Fuzzy Thinking About Trade
Jan 14 2010, 15:38 EST [updated Jan 14 2010, 15:41 EST]
Humans weren't built to think about exchange at the national scale. Here is a non-sequitur from Victor Davis Hanson:
Of the some $50 billion in remittances that leave the U.S. each year to Latin America, perhaps $20 billion come from California residents, draining the state of capital, and ensuring that the donors will be in need of state health, education, housing and food supplements.
I know what he is trying to imply, but what does this mean? The $20 billion in remittances don't get burned upon arrival in Mexico (would that they were! it would make the other existing dollars more valuable). They are denominated in US dollars so they eventually have to find their way back into the US to purchase goods & services here.
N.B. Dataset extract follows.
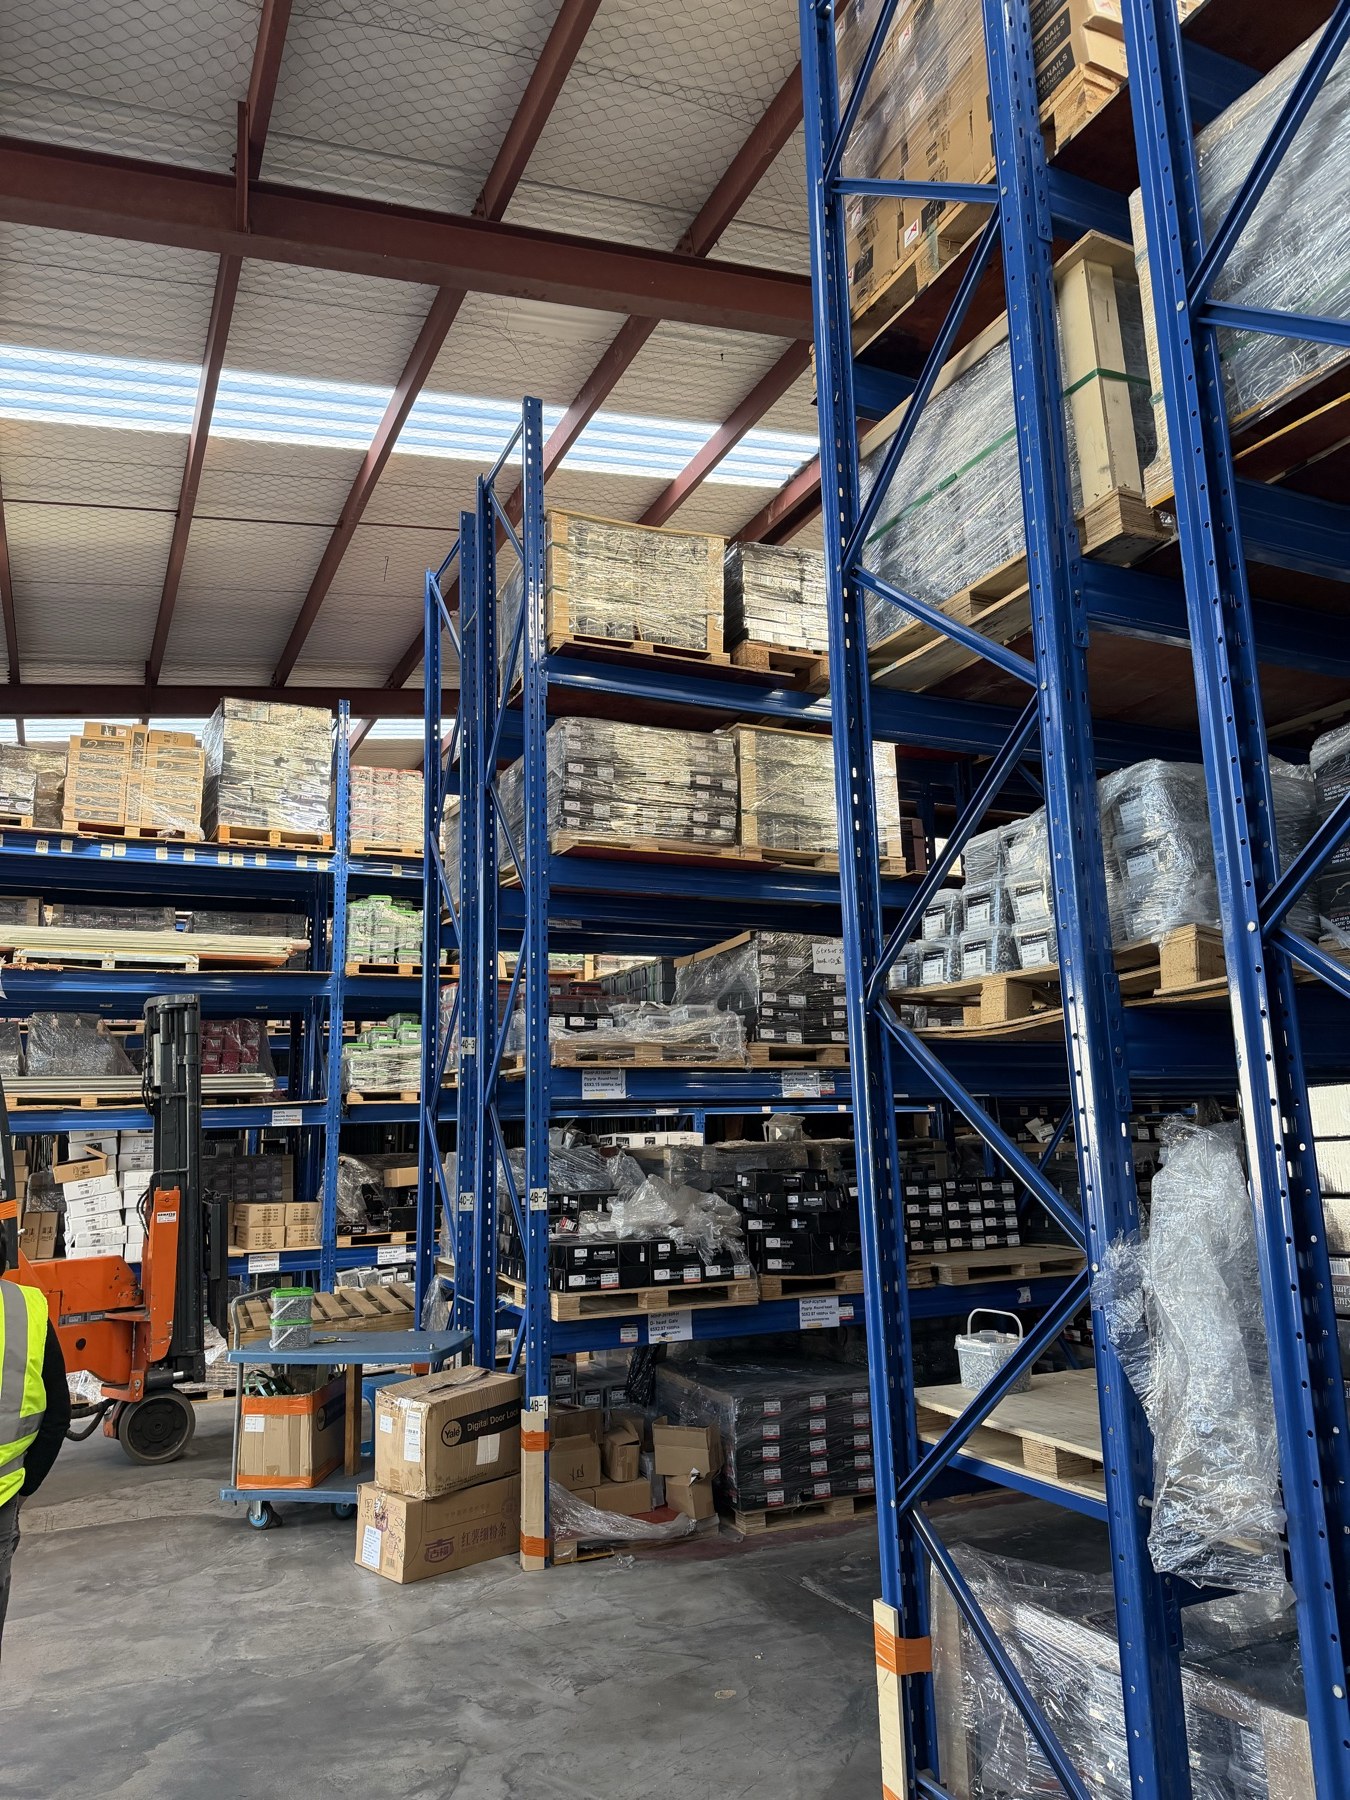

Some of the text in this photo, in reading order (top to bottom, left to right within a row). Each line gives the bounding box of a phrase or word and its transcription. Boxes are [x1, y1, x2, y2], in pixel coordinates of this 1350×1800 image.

And it isn't like the people sending the money stole it - other people had to pay them $20 billion and those people received goods & services valued at at least $20 billion. Who gets hurt in that equation? nobody.

Presumably VDH would be even more outraged if those same people who were sending the money to Mexico actually lived in Mexico because then 100% of their paychecks would cross the Rio Grande. But the outcome in that case would be just the same - people on this side of the border would be paying in US dollars for goods and services they value at at least that amount (or the transaction wouldn't happen) and that money would have to come back to the US eventually because it is US dollars.

There are good reasons to have national borders but fear of money, goods, and services crossing them isn't one.